Apologies to songwriter Loudon Wainwright III, but there was a dead skunk in the middle of the road as I was driving through Central Texas last month. Also a dead skunk on the shoulder of the road, a dead skunk in the ditch, etc.
In fact, there were so many dead skunks that I began an informal and totally unscientific 70 mph census of the stinky critters that had met their demise along a 100-mile stretch of southbound U.S. 281. I counted 38 dead skunks on that measured stretch of asphalt.
I'm sure the count was conservative, as there were times I didn't have a good view of the ditches beside the oncoming lane. I did not count UFOs (unidentifiable furry objects), even those that were suspiciously black and white. I only counted fresh skunk carcasses; most of them looked no more than a day or two old.
Rounding off to the nearest whole number, my survey turned up one dead skunk per three highway miles. You're liable to see dead skunks along the highway any time of the year. Skunks are scavengers that often feed on other road kill and themselves become victims. This is not the first year I've noticed an elevated number of skunks along roadsides in February, however.
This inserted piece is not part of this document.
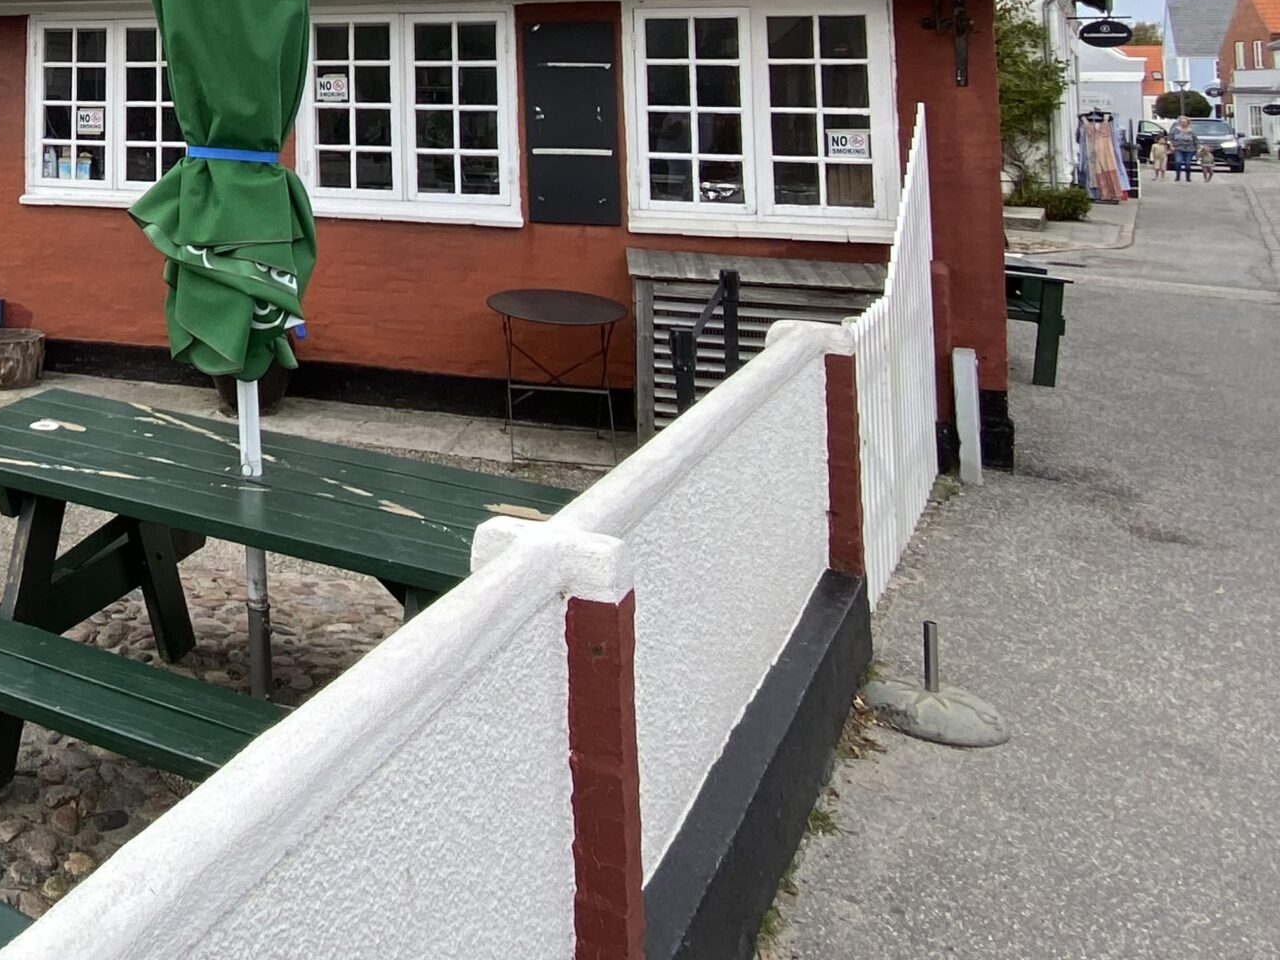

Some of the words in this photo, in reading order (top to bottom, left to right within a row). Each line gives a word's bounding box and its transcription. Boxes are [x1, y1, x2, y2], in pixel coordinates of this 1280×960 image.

When I mentioned my survey to David Winkler, a Texas A&M Extension Service biologist in Bosque County, he said there were an unusual number of dead skunks alongside the road in February because Valentine's Day is the peak of the striped skunk breeding season.
Winkler's observation brought to mind two things. The first is an old country song about looking for love in all the wrong places. The second is Pepe LePew, the romantic cartoon skunk with a French accent who was forever trying to romance a chagrined black and white housecat.
If there are that many dead skunks, how many live skunks must there be? For that answer, I called Dr. Scott Henke, a scientist with the Caesar Kleberg Wildlife Research Institute in Kingsville. Henke has the dubious honor of being the institute's skunk authority and has just begun a suburban study of striped skunks in the Houston suburbs.
It's a smelly job, but somebody has to do it. Skunks transmit rabies, and the disease is a serious suburban problem. Henke plans to trap and equip as many skunks as possible with electronic collars. He will then track their movements.
Some of the skunks will probably contract rabies during the tracking study, and Henke hopes to see how the disease affects their movements.
"We don't know how many skunks are out there, but one study identified as many as 36 skunks per section (40 acres) of land," said Henke. "The population is obviously higher in areas with good habitat and plenty of food. Skunks don't mind living in close proximity to people, and they thrive in the suburbs."
People, on the other hand, do mind living in close proximity to skunks, which are notorious as one of the few mammals able to defend themselves with chemical warfare. The skunk's scent glands are overpowering, the viscous spray capable of traveling 20 feet. The spray is far more irritating when delivered on target than when you get a whiff while traveling at high speed past a road-killed skunk.
The chemical defense is apparently effective against everything but speeding cars. Skunks have been around for at least 58 million years. Their worst animal enemies, aside from humans, are great horned owls (which have no sense of smell) and coyotes, which will eat anything.
Unless you stumble too near a skunk in the dark, or unknowingly hem one up in your garage or outside storage building, the odds are slim that a person will take a direct hit. Dogs are another issue.
If your pet tangles with a skunk, you can bathe the dog with tomato juice or with a mixture of hydrogen peroxide, baking soda and dishwashing soap. Either will remove most of the odor. Otherwise, the acrid stench will take awhile to wear off.
"Pet owners should make certain their animals are vaccinated for rabies," Henke said. "There's very little chance that a person will come in contact with a rabid skunk, but dogs often fight with skunks. As long as they're vaccinated, they'll be OK."
Henke hopes his research will open the door for a rabies vaccination program for skunks such as the one that's been successful for South Texas coyotes. Oral vaccines in bait are dropped from the air. Coyotes eat the bait and are vaccinated against rabies.